- _Data for this task_
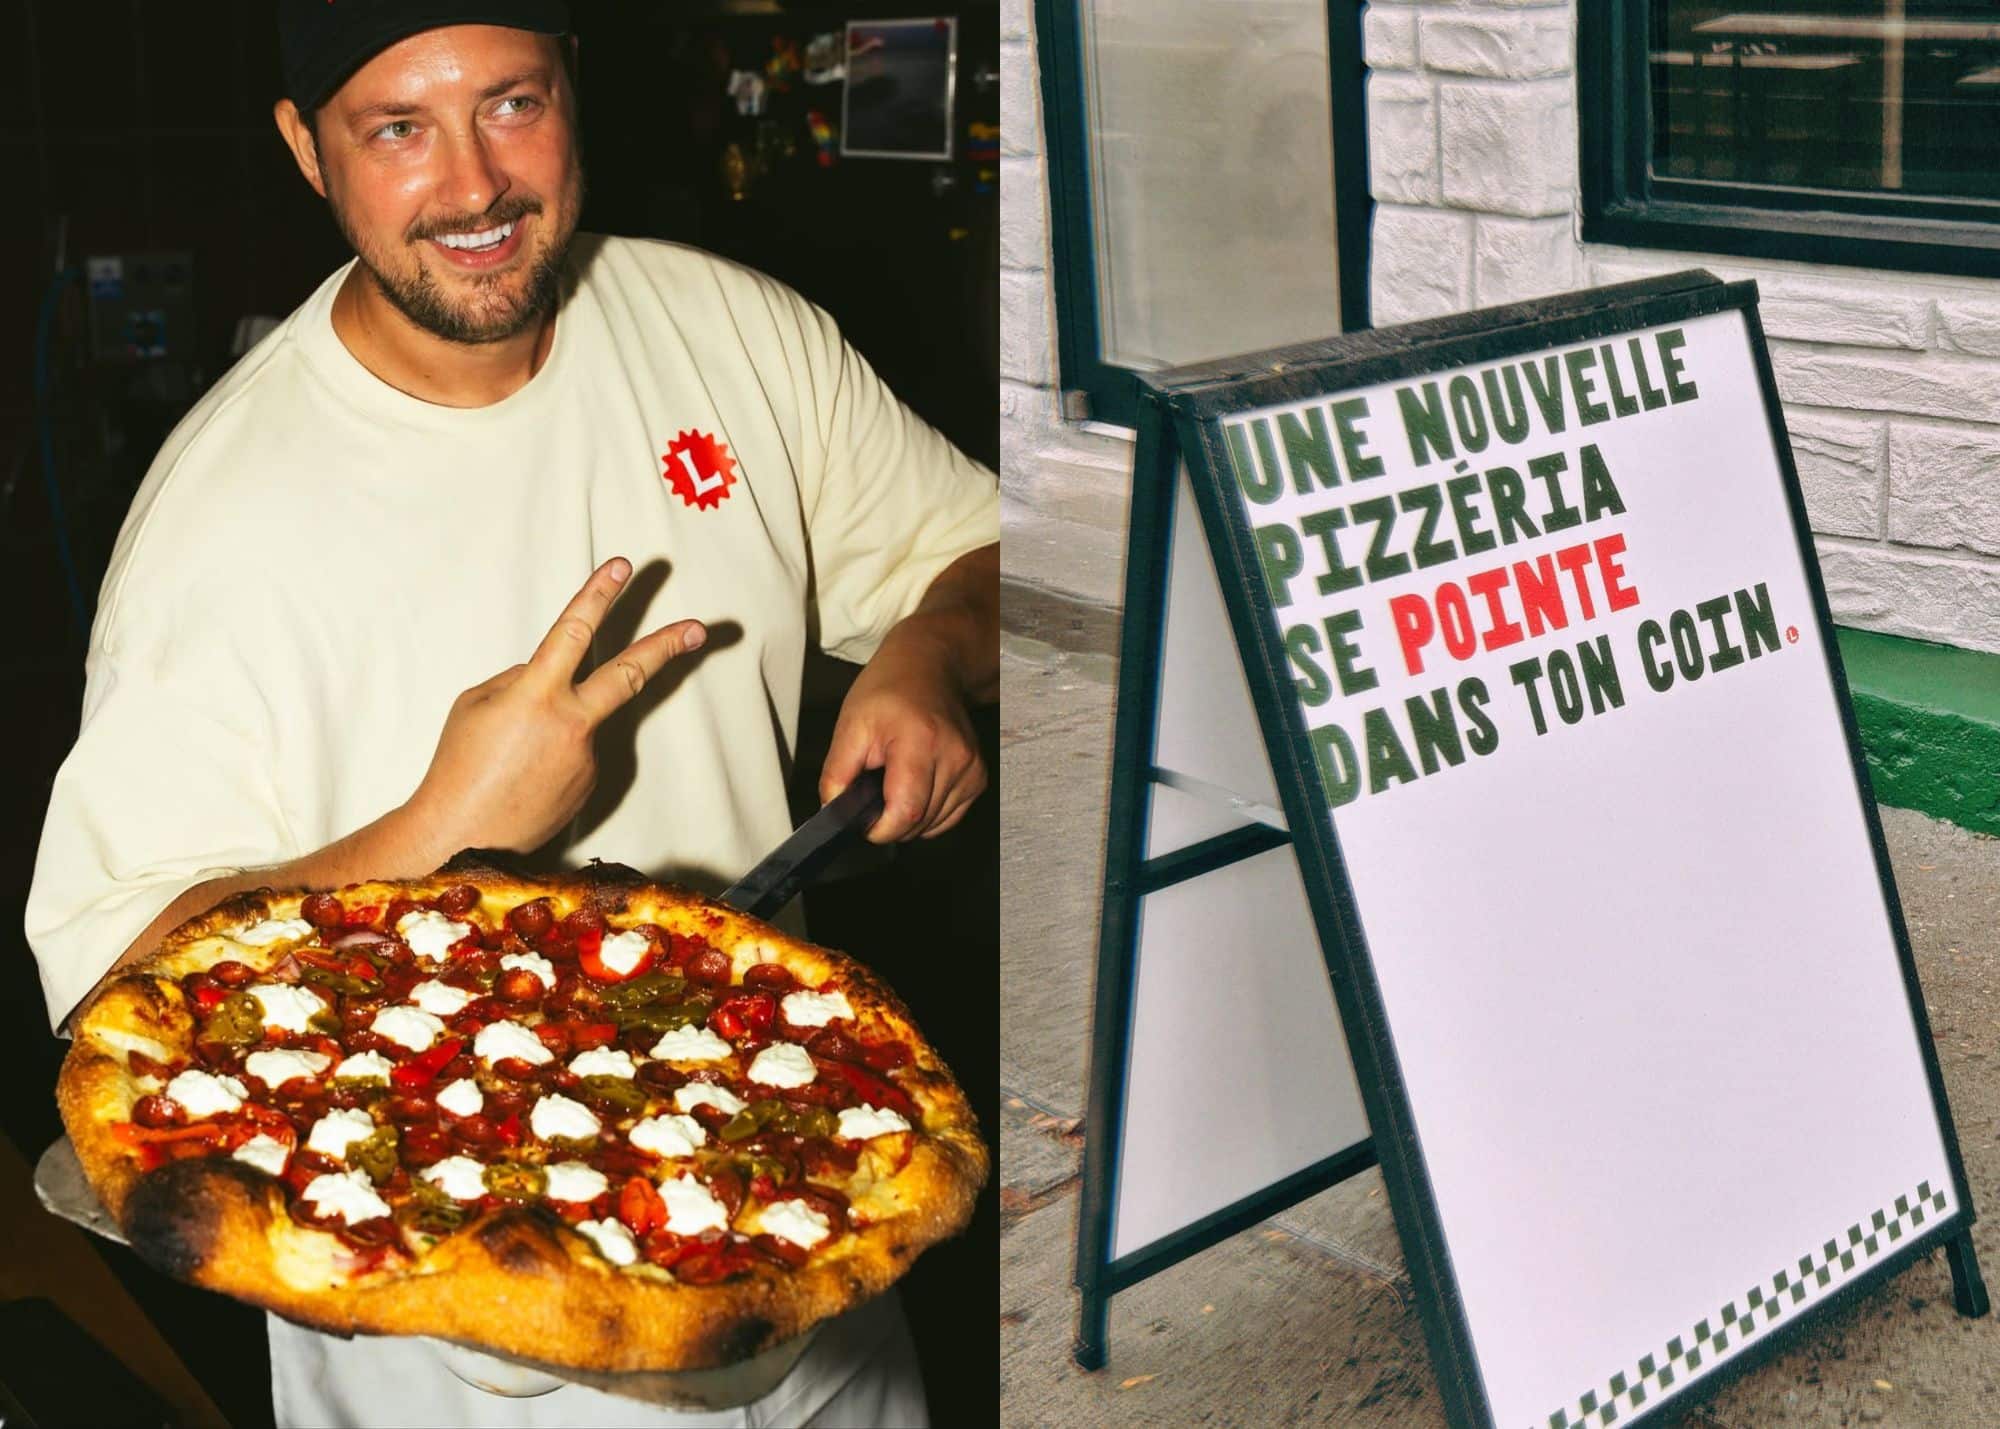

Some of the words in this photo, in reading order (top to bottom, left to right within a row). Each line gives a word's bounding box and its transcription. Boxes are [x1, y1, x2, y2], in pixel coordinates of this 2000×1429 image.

[676, 448, 724, 497] L
[1224, 397, 1386, 505] UNE
[1395, 328, 1699, 468] NOUVELLE
[1252, 444, 1627, 608] PIZZÉRIA
[1283, 609, 1381, 708] SE
[1389, 533, 1641, 677] POINTE
[1306, 677, 1499, 809] DANS
[1510, 634, 1626, 736] TON
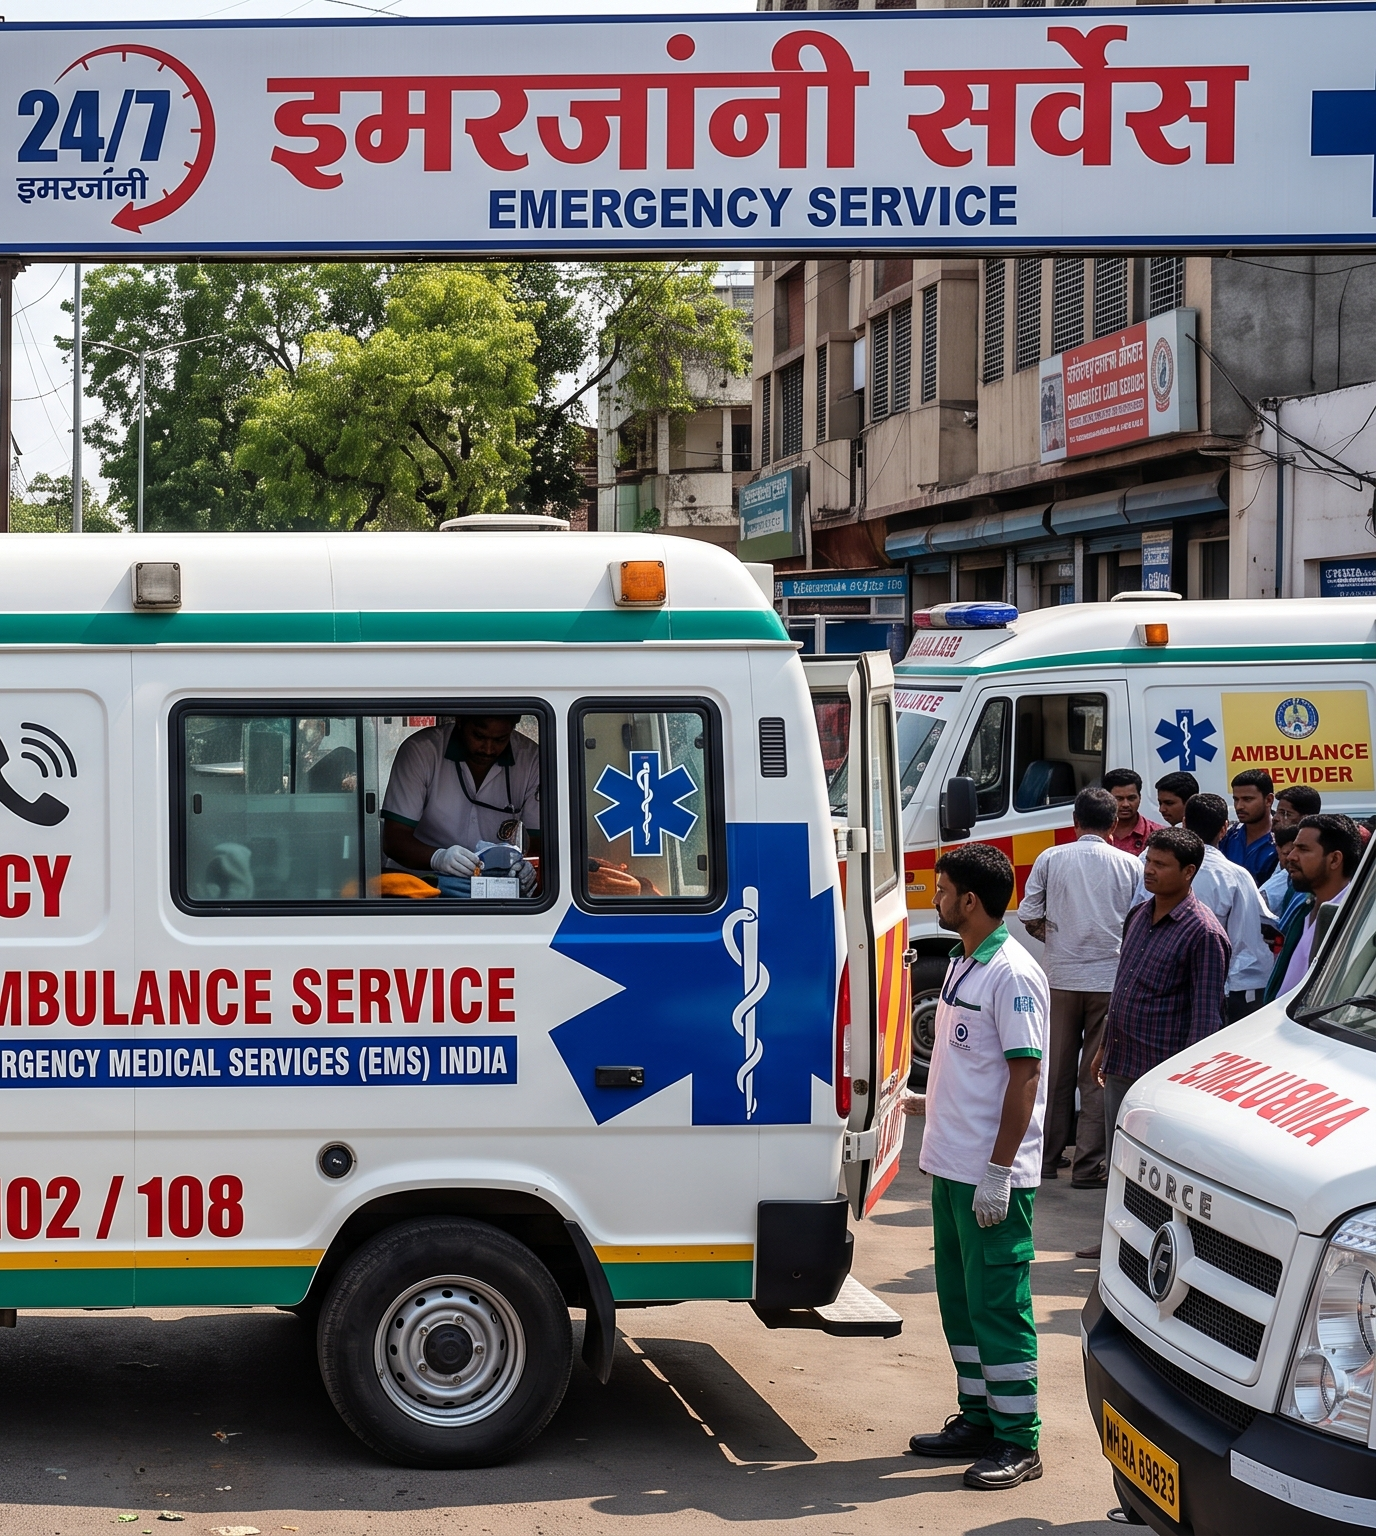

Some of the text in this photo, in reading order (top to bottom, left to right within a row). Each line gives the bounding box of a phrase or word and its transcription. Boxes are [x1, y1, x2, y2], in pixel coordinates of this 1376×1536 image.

- _Exercise directions_
Copy the listing above verbatim, leaving out pictures.

- _Result_
Some of the words in this photo, in reading order (top to bottom, left to right within a row). Each line gives a word's bounding box and its transcription. Boxes are [x1, y1, x2, y2], in pixel coordinates of this 2000×1429 image.

[676, 448, 724, 497] L
[1224, 397, 1386, 505] UNE
[1395, 328, 1699, 468] NOUVELLE
[1252, 444, 1627, 608] PIZZÉRIA
[1283, 609, 1381, 708] SE
[1389, 533, 1641, 677] POINTE
[1306, 677, 1499, 809] DANS
[1510, 634, 1626, 736] TON

Some of the text in this photo, in reading order (top to bottom, left to right within a row). Each line gives the bounding box of a phrase or word and its transcription. Boxes are [x1, y1, x2, y2], in pixel coordinates of this 1376×1536 image.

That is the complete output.